- Opening Delimiter -

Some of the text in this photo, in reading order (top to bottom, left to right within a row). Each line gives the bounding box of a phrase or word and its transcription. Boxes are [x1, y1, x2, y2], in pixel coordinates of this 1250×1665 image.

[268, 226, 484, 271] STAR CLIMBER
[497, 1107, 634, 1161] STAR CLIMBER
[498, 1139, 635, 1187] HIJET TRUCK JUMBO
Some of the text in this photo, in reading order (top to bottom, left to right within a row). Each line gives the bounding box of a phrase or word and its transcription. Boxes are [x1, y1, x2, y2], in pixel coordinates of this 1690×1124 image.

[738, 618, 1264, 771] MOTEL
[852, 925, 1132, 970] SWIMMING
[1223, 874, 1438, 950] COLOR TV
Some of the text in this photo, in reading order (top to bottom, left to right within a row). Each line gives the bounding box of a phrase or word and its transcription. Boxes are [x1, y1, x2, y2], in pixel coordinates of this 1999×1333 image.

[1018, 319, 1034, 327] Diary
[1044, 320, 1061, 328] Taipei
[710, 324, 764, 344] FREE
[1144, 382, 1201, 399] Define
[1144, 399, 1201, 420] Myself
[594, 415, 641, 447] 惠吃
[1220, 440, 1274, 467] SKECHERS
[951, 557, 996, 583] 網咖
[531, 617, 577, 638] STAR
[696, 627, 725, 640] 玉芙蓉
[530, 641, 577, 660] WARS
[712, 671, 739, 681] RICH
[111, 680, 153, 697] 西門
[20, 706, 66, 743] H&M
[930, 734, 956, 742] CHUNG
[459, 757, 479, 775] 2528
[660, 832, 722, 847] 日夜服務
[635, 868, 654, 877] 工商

- Closing Delimiter -

# Task item
Once you have read the entries, write them all out again exactly.

# Answer section
Some of the text in this photo, in reading order (top to bottom, left to right within a row). Each line gives the bounding box of a phrase or word and its transcription. Boxes are [x1, y1, x2, y2], in pixel coordinates of this 1250×1665 image.

[268, 226, 484, 271] STAR CLIMBER
[497, 1107, 634, 1161] STAR CLIMBER
[498, 1139, 635, 1187] HIJET TRUCK JUMBO
Some of the text in this photo, in reading order (top to bottom, left to right within a row). Each line gives the bounding box of a phrase or word and its transcription. Boxes are [x1, y1, x2, y2], in pixel coordinates of this 1690×1124 image.

[738, 618, 1264, 771] MOTEL
[852, 925, 1132, 970] SWIMMING
[1223, 874, 1438, 950] COLOR TV
Some of the text in this photo, in reading order (top to bottom, left to right within a row). Each line gives the bounding box of a phrase or word and its transcription. Boxes are [x1, y1, x2, y2], in pixel coordinates of this 1999×1333 image.

[1018, 319, 1034, 327] Diary
[1044, 320, 1061, 328] Taipei
[710, 324, 764, 344] FREE
[1144, 382, 1201, 399] Define
[1144, 399, 1201, 420] Myself
[594, 415, 641, 447] 惠吃
[1220, 440, 1274, 467] SKECHERS
[951, 557, 996, 583] 網咖
[531, 617, 577, 638] STAR
[696, 627, 725, 640] 玉芙蓉
[530, 641, 577, 660] WARS
[712, 671, 739, 681] RICH
[111, 680, 153, 697] 西門
[20, 706, 66, 743] H&M
[930, 734, 956, 742] CHUNG
[459, 757, 479, 775] 2528
[660, 832, 722, 847] 日夜服務
[635, 868, 654, 877] 工商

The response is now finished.